Mr. Kregel’s comments have also appeared in publications including The New York Times, Harper’s Magazine, Partizan Review, and The American Scholar.
In his writings on disability, Mr. Kriegel sought to invert the image of the disabled person as Tiny Tim, the kind, dimensionless charitable cause that warms the frozen heart of Ebenezer Scrooge in Charles Dickens’ A Christmas Carol. The image that Mr. Kregel presented to himself was rather one of physical and intellectual strength. For years, he would lift weights vigorously so that his arms were as strong as his weak legs. As an essayist, he has spoken forcefully about the disappearance that appears to accompany the condition of disability.

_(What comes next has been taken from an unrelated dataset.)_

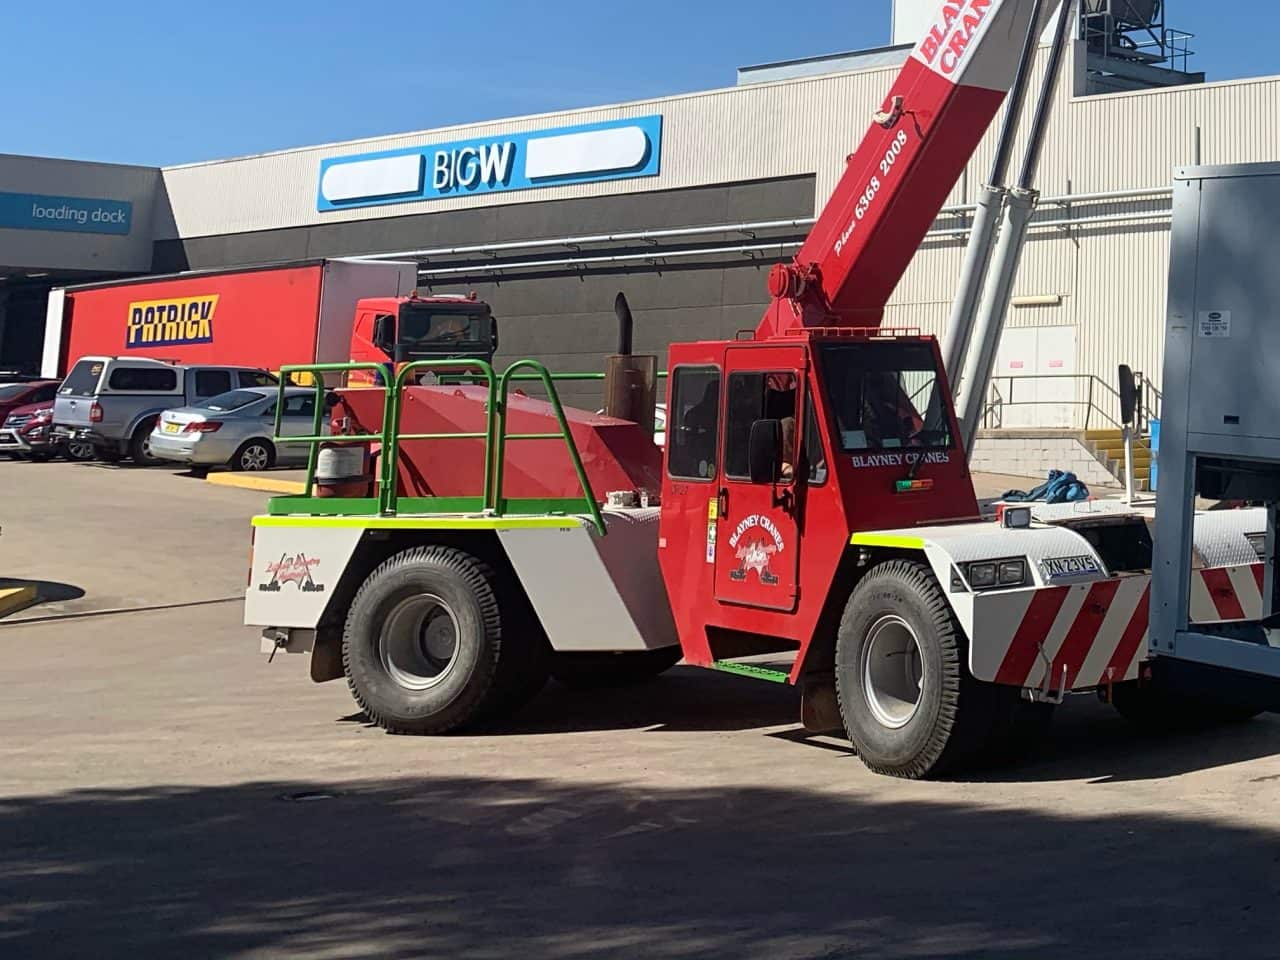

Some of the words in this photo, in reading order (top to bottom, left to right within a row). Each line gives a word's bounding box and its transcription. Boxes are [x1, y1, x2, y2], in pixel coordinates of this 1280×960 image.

Mr. Kriegel wrote in an article in 1969 that a disabled person “does not even have the feeling that society hates or fears him, because society feels somewhat uncomfortable with his presence”. “He treats him as if he was a wayward, somewhat ugly, little disciple.”
When Mr. Kriegel met his future wife, he remembered his son Mark in a eulogy, her parents objecting to their marriage on the grounds that he could not dance with her at their wedding.
“It doesn’t matter,” Harriet Burnsweg told her mother. “I want someone to have breakfast with.” They eloped in 1957, without her parents’ blessing, and remained married until his death.
Among the survivors is his wife from Manhattan. his son Mark, from Santa Monica, California; another son, Bruce Kriegel of Manhattan; And two grandchildren.
Although Mr. Kriegel was harsh in his portrayal of life as crippling, there was some optimism to be discovered beneath the surface of his anger.
“The anger has cleansed me of the horror that I will accept the future that the virus wanted to define for me,” he wrote. “Anger has taught me that I can still make demands upon mind and body, and that being a paralyzed does not mean one has been excused from the duty of being a man.”